In a few hours in the mysterious canyon above La Bajada, I spied both the Elegant Trogon and the Citreoline Trogon (a Mexican endemic); the Lineated Woodpecker and the Pale-billed Woodpecker; three species of parrots (two screamed as they rocketed away from a Grey Hawk, which seemed to swoop out of nowhere); the Squirrel Cuckoo; the Ivory-billed Woodcreeper; the Masked Tityra; the Rose-throated Becard; and the Black-throated Mapie-jay, the San Blas Jay and the Sinaloa Crow (all Mexican endemics).

But the sounds were marvelous as well. A Ferruginous Pygmy-Owl tooted from a grove of trees, unseen but easy to identify from the combination of the bird list in the "Finding Guide" and Howell and Webb's authoritative field guide. The Happy Wren, another Mexican endemic, blasted its pulsating song from the brush. The White-tipped Dove cooed ghostlike, unseen from the forest floor.

As I had hoped, above La Bajada I also heared the song of the bird many consider to be the finest singer in the New World -- the Brown-backed Solitaire -- a thrush in the genus Myadestes. George M. Sutton, in his ground breaking "Mexican Birds: First Impressions," described the fantastic song as an "electric sparkler," as "musical fireworks," and confessed that in his decades of professional ornithology, when he first heard the solitaire in 1938, he felt as if "his ears had never fully functioned" until that "high moment that filled him with wild, half-furious exultation."
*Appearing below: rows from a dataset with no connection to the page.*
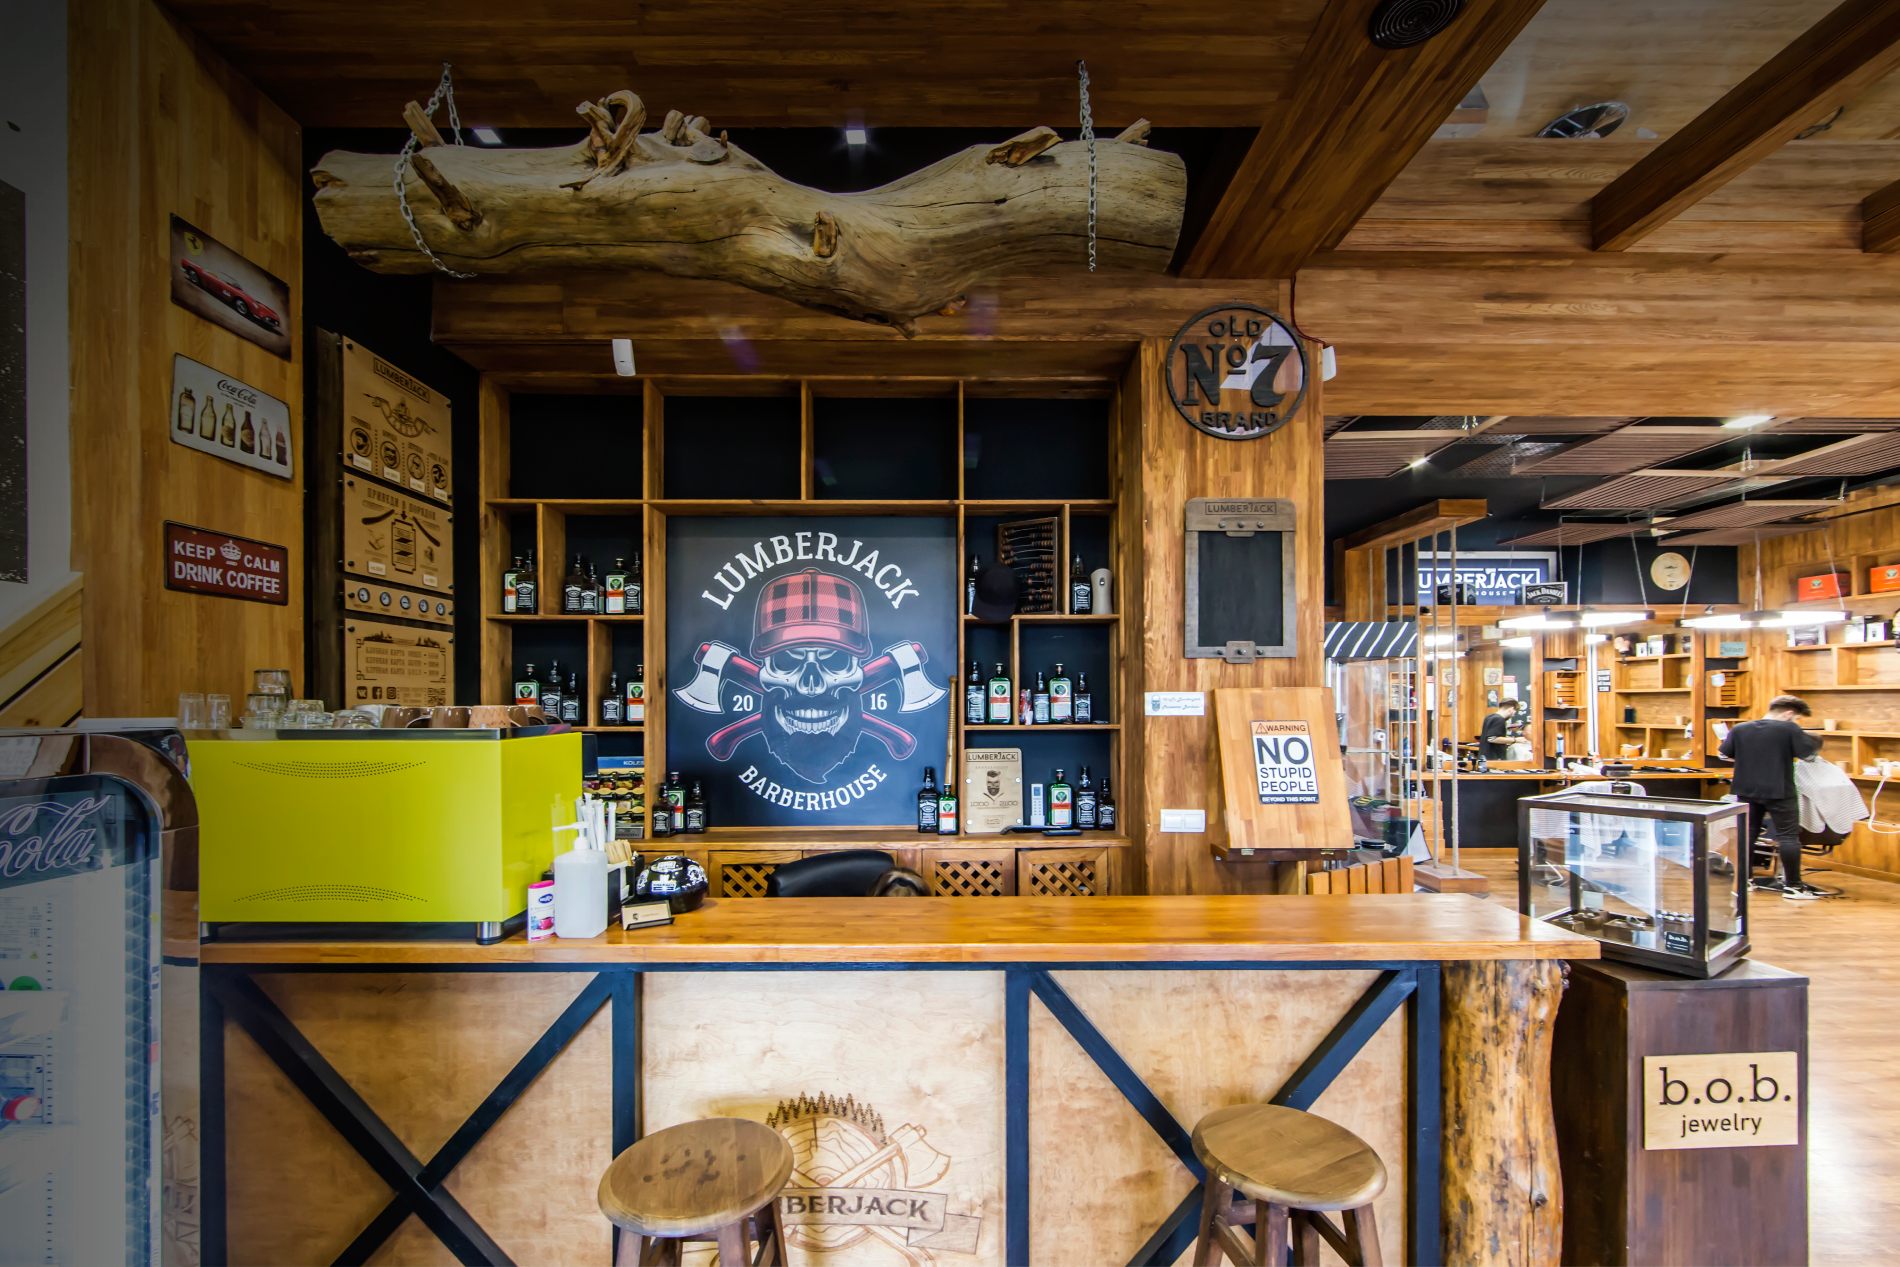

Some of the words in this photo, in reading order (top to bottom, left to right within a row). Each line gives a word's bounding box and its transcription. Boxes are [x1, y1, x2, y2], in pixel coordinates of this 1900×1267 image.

[1208, 314, 1261, 338] OLD
[374, 361, 429, 399] LUMBERJACK
[1201, 411, 1278, 434] BRAND
[1207, 502, 1275, 514] LUMBERJACK
[174, 539, 217, 561] KEEP
[243, 554, 280, 574] CALM
[174, 560, 224, 587] DRINK
[226, 570, 280, 595] COFFEE
[701, 531, 920, 611] LUMBERJACK
[732, 694, 754, 712] 20
[870, 693, 888, 711] 16
[1266, 724, 1306, 732] WARNING
[968, 752, 1016, 761] LUMBERJACK
[1256, 737, 1310, 765] NO
[1260, 767, 1312, 779] STUPID
[738, 763, 888, 811] BARBERHOUSE
[1261, 781, 1315, 792] PEOPLE
[1658, 1063, 1791, 1105] b.o.b.
[1680, 1113, 1762, 1138] jewelry
[785, 1195, 930, 1222] BERJACK
At La Bajada you hear such things, and the trees were indeed literally dripping with birds.

In San Blas proper about 20 minutes away, there were thousands of shorebirds, Roseate Spoonbills, Wood Storks, and Black-necked stilts. On the beach was the majestic American Oystercatcher. A pair was observed catching tiny crabs, and performing an odd sort of bonding dance where the two stood parrallel to each other, but head to toe to bounce and sway in unison. There were warblers galore, parrots, anis, Crane Hawks, Black Hawks, Harris Hawks, and a Peregrine Falcon was easily approached on top of a hill where an old fort, church and canon commanded a view of the town at sunset. The raucous call of the Collared Forest-Falcon was heard from a cliff, bouncing through the forest. The bird list for the marvelous San Blas area tops 305 birds!
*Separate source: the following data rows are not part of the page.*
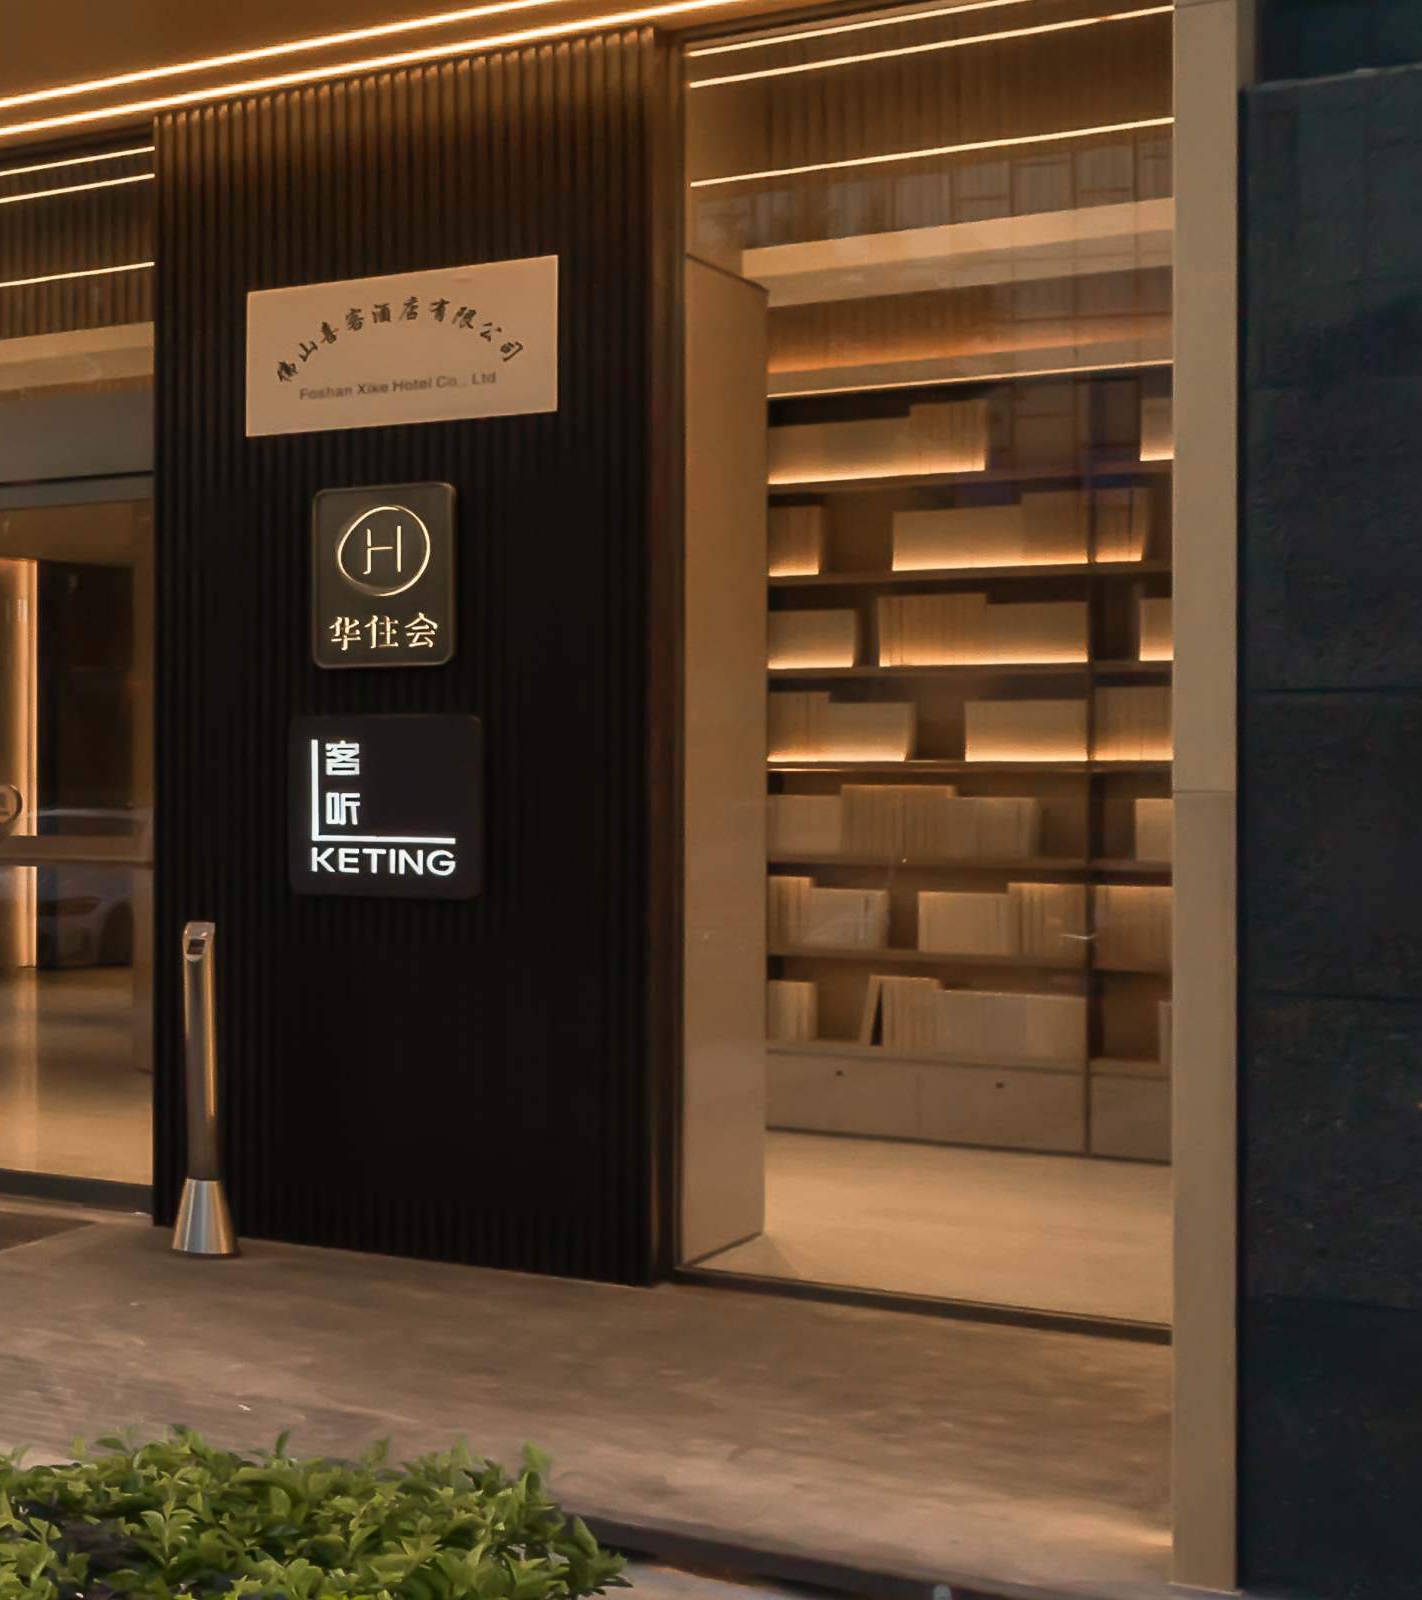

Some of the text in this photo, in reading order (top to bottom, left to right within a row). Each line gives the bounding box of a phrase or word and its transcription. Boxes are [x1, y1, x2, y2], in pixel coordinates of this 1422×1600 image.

[300, 385, 353, 400] Foshan
[357, 382, 389, 395] Xike
[393, 377, 432, 392] Hotel
[472, 371, 496, 385] Ltd
[329, 612, 439, 651] 华住会
[325, 740, 361, 826] 客听
[310, 846, 457, 876] KETING
The directions in Howell's book are so good that the name and telephone number of a boatman specializing in mangrove swamp tours was given: Oscar Partida. I took the bait, and as a result approached a Northern Potoo, a Paraque, Boat billed Herons, Bare-throated tiger herons, and Rufous-bellied Chachalacas at close range. Obviously, this book has revolutionized birding in Mexico. Many of the magical areas seem to be within easy driving distance of resorts, and comfortable hotels. It is profusely illustrated with diagrams on how to get where you want to be.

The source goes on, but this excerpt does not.